Bills have been introduced in Congress since 2000 to lift the 36-month limit and extend coverage of immunosuppressant drugs indefinitely. They have never made it to a vote, largely because of the projected upfront cost; the Congressional Budget Office estimates that unlimited coverage would add $100 million a year to the $23 billion Medicare kidney program.
But the cost-benefit analysis would seem obvious. The most recent report from the United States Renal Data System found that Medicare spends an average of $17,000 a year on care for kidney transplant recipients, most of it for anti-rejection drugs. That compares with $71,000 a year for dialysis patients and $106,000 for a transplant (including the first year of monitoring).
“It doesn’t make any sense at all,” Ms. Whitaker said. “Somebody’s not looking at the numbers.”
A provision to cover the drugs is in the sweeping House health care bill, which has cleared three committees. It is uncertain whether the Senate Finance Committee will include it in its bill.
Since 1973, end-stage renal disease has been the only condition specifically covered by Medicare regardless of age. In 1988, coverage was extended for 12 months to anti-rejection drugs, which had recently been developed. Congress gradually lengthened the cutoff to 36 months, and then in 2000 made the benefit unlimited for those who are at least 65 or disabled. The rationale for leaving out younger transplant recipients was simply that the money was not there, Congressional aides said.
Ms. Whitaker was married when her Medicare eligibility expired after her first transplant, and her husband was able to insure her under his group policy. They divorced in 2001, and she became uninsured until taking a job at Kinko’s that provided health benefits.
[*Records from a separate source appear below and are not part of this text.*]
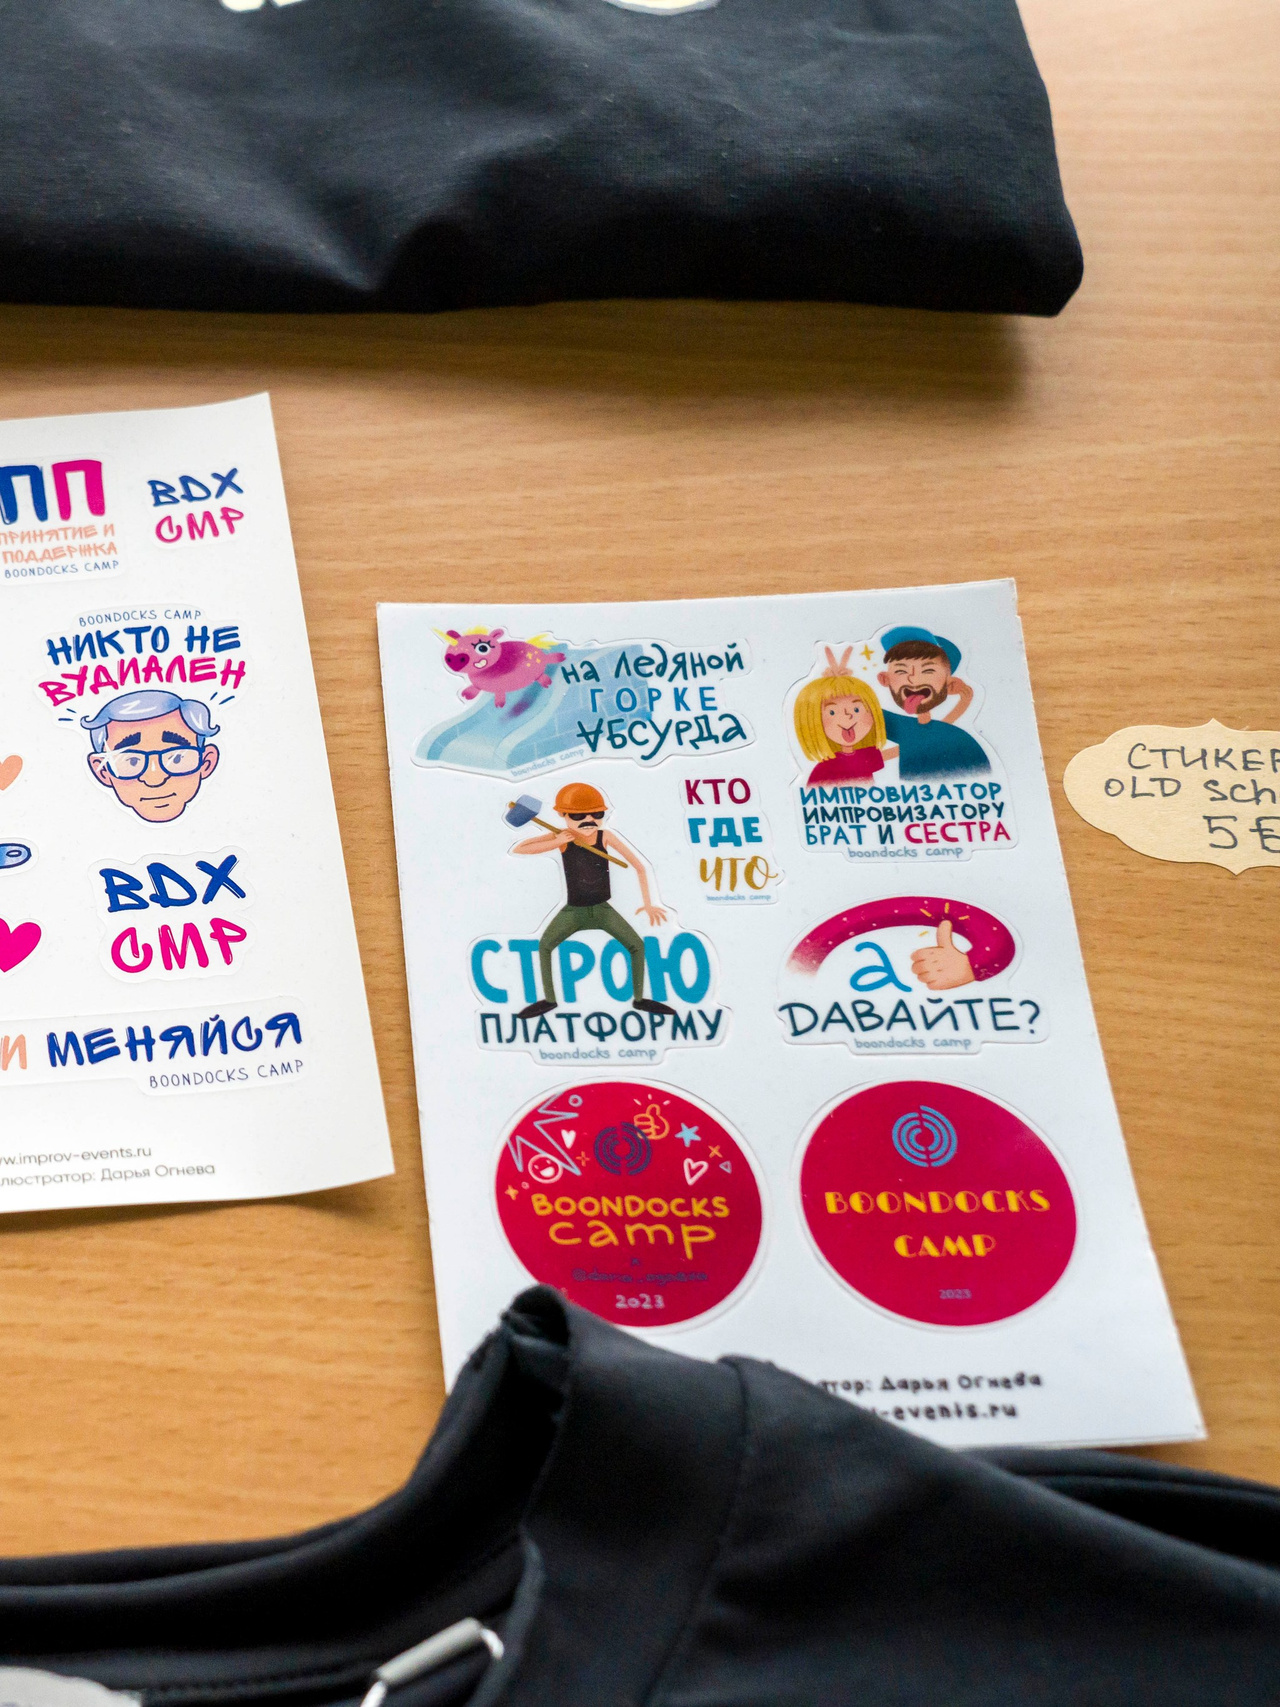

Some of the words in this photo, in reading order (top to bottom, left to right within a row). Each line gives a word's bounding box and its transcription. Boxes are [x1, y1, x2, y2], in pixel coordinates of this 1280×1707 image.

[147, 467, 244, 507] BDX
[103, 523, 115, 537] И
[155, 506, 245, 543] CMP
[2, 541, 118, 564] ПОДДЕРЖКА
[4, 564, 79, 579] BOONDOCKS
[84, 560, 120, 573] CAMP
[79, 609, 157, 627] BOONDOCKS
[164, 609, 202, 621] CAMP
[47, 626, 171, 666] НИКТО
[184, 626, 241, 654] НЕ
[562, 660, 600, 685] на
[614, 643, 745, 682] ледяной
[38, 654, 247, 707] ВУДИАЛЕН
[589, 686, 720, 713] ГОРКЕ
[511, 757, 556, 776] boondocks
[560, 749, 585, 761] camp
[685, 778, 751, 805] КТО
[800, 782, 1002, 806] ИМПРОВИЗАТОР
[1104, 776, 1181, 798] OLD
[802, 801, 1005, 825] ИМПРОВИЗАТОРУ
[688, 817, 763, 847] ГДЕ
[805, 824, 866, 846] БРАТ
[878, 824, 894, 845] И
[904, 821, 1011, 844] СЕСТРА
[848, 846, 918, 859] boondocks
[925, 845, 963, 859] camp
[99, 854, 246, 913] BDX
[110, 917, 248, 974] CMP
[471, 932, 711, 1004] СТРОЮ
[480, 1008, 723, 1044] ПЛАТФОРМУ
[778, 997, 1040, 1037] ДАВАЙТЕ?
[0, 1034, 28, 1071] И
[46, 1012, 303, 1068] МЕНЯЙСЯ
[539, 1047, 610, 1060] boondocks
[618, 1048, 657, 1061] camp
[854, 1037, 926, 1050] boondocks
[933, 1037, 972, 1051] camp
[149, 1067, 249, 1089] BOONDOCKS
[257, 1059, 304, 1078] CAMP
[100, 1167, 151, 1183] Дарья
[154, 1164, 216, 1178] Огнева
[531, 1193, 730, 1218] BOONDOCKS
[824, 1189, 1050, 1214] BOONDOCKS
[894, 1234, 996, 1258] CAMP
[615, 1294, 665, 1309] 2023
[880, 1375, 948, 1394] Дарья
[958, 1372, 1042, 1390] Огнева
[872, 1402, 1017, 1420] -events.ru
Her downward spiral began the day she awoke to find that her dog had used her hearing aids as a chew toy. She could not afford replacements and had to leave her job because she was unable to interact with customers.
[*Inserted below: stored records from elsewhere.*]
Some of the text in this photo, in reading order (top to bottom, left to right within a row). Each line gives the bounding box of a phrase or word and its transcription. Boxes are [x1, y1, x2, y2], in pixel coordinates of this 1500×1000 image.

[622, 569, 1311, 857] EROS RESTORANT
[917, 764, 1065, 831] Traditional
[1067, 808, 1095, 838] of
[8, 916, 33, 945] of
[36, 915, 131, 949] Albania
She lived in Seattle for a while without electricity or hot water. The bank repossessed her car, and she filed for bankruptcy. Her grandmother eventually bought her new hearing aids, and she went back to work. But she was laid off a year later.
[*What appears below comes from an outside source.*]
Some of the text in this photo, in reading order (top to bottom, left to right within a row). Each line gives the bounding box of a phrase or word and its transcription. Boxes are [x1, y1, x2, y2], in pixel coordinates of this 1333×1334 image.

“That’s when I started stretching out the pills,” she said. “I’d take one in the morning and one at night, instead of two. Toward the end, I ran out of pills and was taking nothing for a couple of months. I figured I was young and could make it until I found insurance.”
She figured wrong. When she arrived at an emergency room, weak from weight loss and anemia, her doctors told her they were surprised she was not in a coma. The kidney, they said, had not been functioning at all.
“I felt really guilty because it was my mom’s kidney and I broke it,” Ms. Whitaker said.
Ms. Whitaker moved back to Southern California to live with her mother, and soon met Mr. Jamieson. He is seven years younger and, at 6-foot-8, stands 16 inches taller, but they had what Mr. Jamieson calls “a mutual dork synchronicity” (they share a passion for video games). He bought her a stuffed kidney, with a ureter nose, and almost immediately offered her one of his kidneys.
She declined. “I didn’t want to start dating somebody and steal his kidney,” she said. “That seemed kind of rude.”
Several years later, she reversed course and accepted the transplant on June 10, 2008. She has suffered several minor rejection episodes, but lately has been feeling well.
The couple gets by on Mr. Jamieson’s paycheck and Ms. Whitaker’s Social Security benefits. With the help of financial aid, she recently completed two years at a community college and will soon start classes at the University of California, San Diego. She said she hoped a degree would help her find a job with health coverage, perhaps as an addiction counselor.
But her bigger hope is that Congress will eliminate the 36-month limit so she can pursue any job, without concern for insurance.
“My whole life is dictated by my illness, and it’s such a waste,” Ms. Whitaker said. “If the government is going to spend all that money to help people get a kidney, they should help you keep it.”